Alex Dagg also champions Airbnb’s ability to “democratize” the tourism dollar — redistributing it from downtown strongholds to mom-and-pop restaurants and coffee shops in outlying neighbourhoods — as a major urban “win,” but the elasticity of Airbnb rental stock may be the most intriguing factor for cities and hotels. “I think Canada is so well-positioned in global travel these days,” she says, “we’re going to continue to see an expansion and I think you need Airbnb to deal with that elastic supply.” Dagg cites Canada 150 as an example. “The hotels in Ottawa have been sold out for months, so if we didn’t exist in
Ottawa, a lot of people wouldn’t be able to come and share in the celebrations.”
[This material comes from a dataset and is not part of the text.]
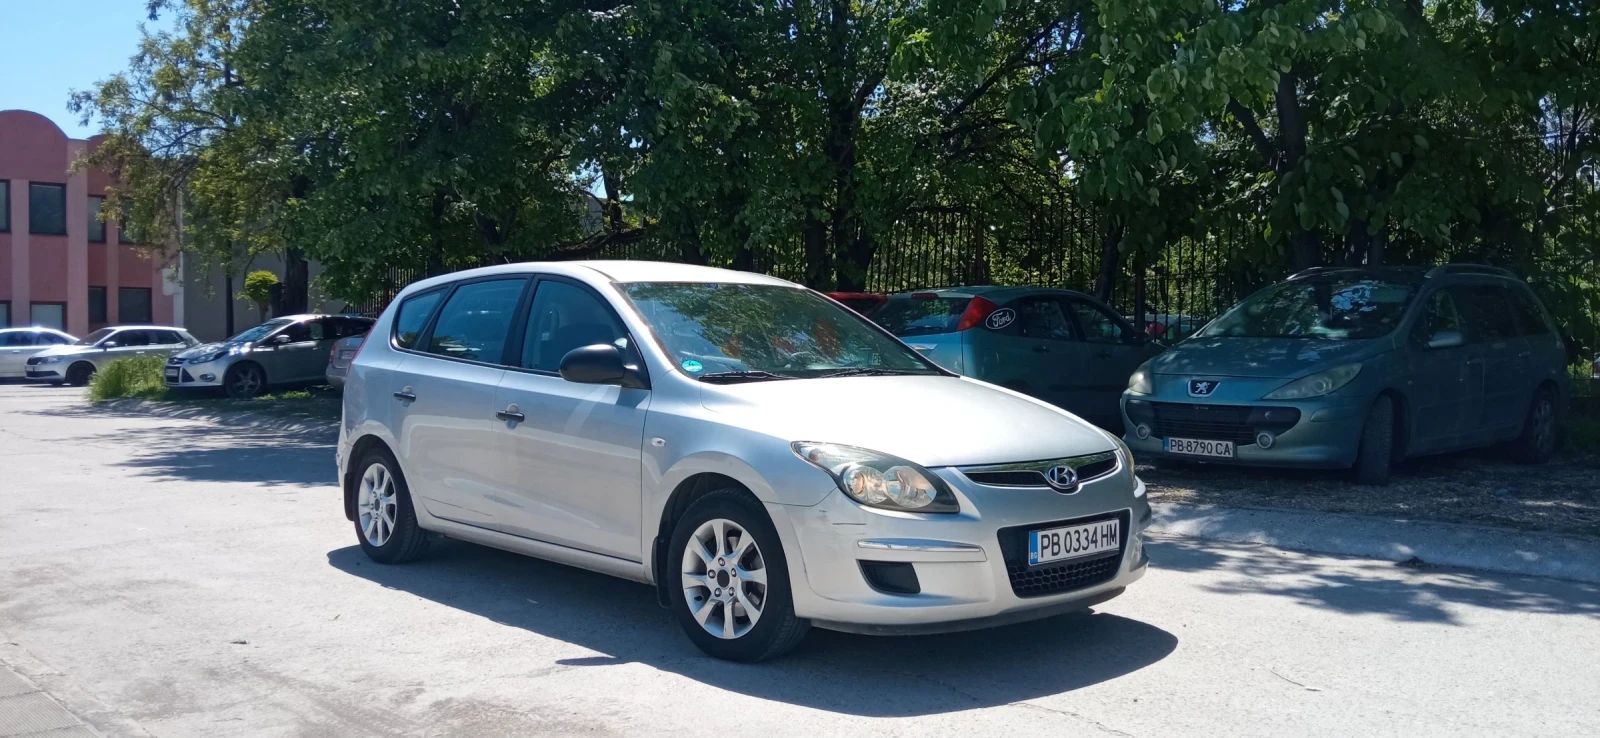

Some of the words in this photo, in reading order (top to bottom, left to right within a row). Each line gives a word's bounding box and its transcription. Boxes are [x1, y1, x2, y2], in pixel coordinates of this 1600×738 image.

Servicing visitors during peak travel periods is quickly becoming a hallmark of the platform and has helped cities bid for and accommodate big-ticket events, like the 2016 Rio Olympics and the 2017 NFL Superbowl in Houston, Tex. Availability of this mutable supply, though, gives pause for hotel developers as cities like Vancouver reach record-breaking occupancy. For now, James Chase, president of the BC Hotel Association doesn’t believe the rise of Airbnb has impeded hotel development in Vancouver. “We know of no developers who have delayed development plans. Logic would dictate it could happen; however, we have no evidence it has.”
Without strong proof of Airbnb negatively impacting the bottom lines of Vancouver hotels, calls from the lodging lobby and tourism advocates have largely focused on creating an equal playing field, ensuring Airbnb hosts pay all appropriate taxes and contribute to voluntary destination marketing funds. In a statement released to Building, Tourism Vancouver indicated their continued support for responsible home-sharing and short term rental regulation. With the proper Vancouver-specific framework in place, many believe Airbnb can be a significant contributor to record tourism in years to come.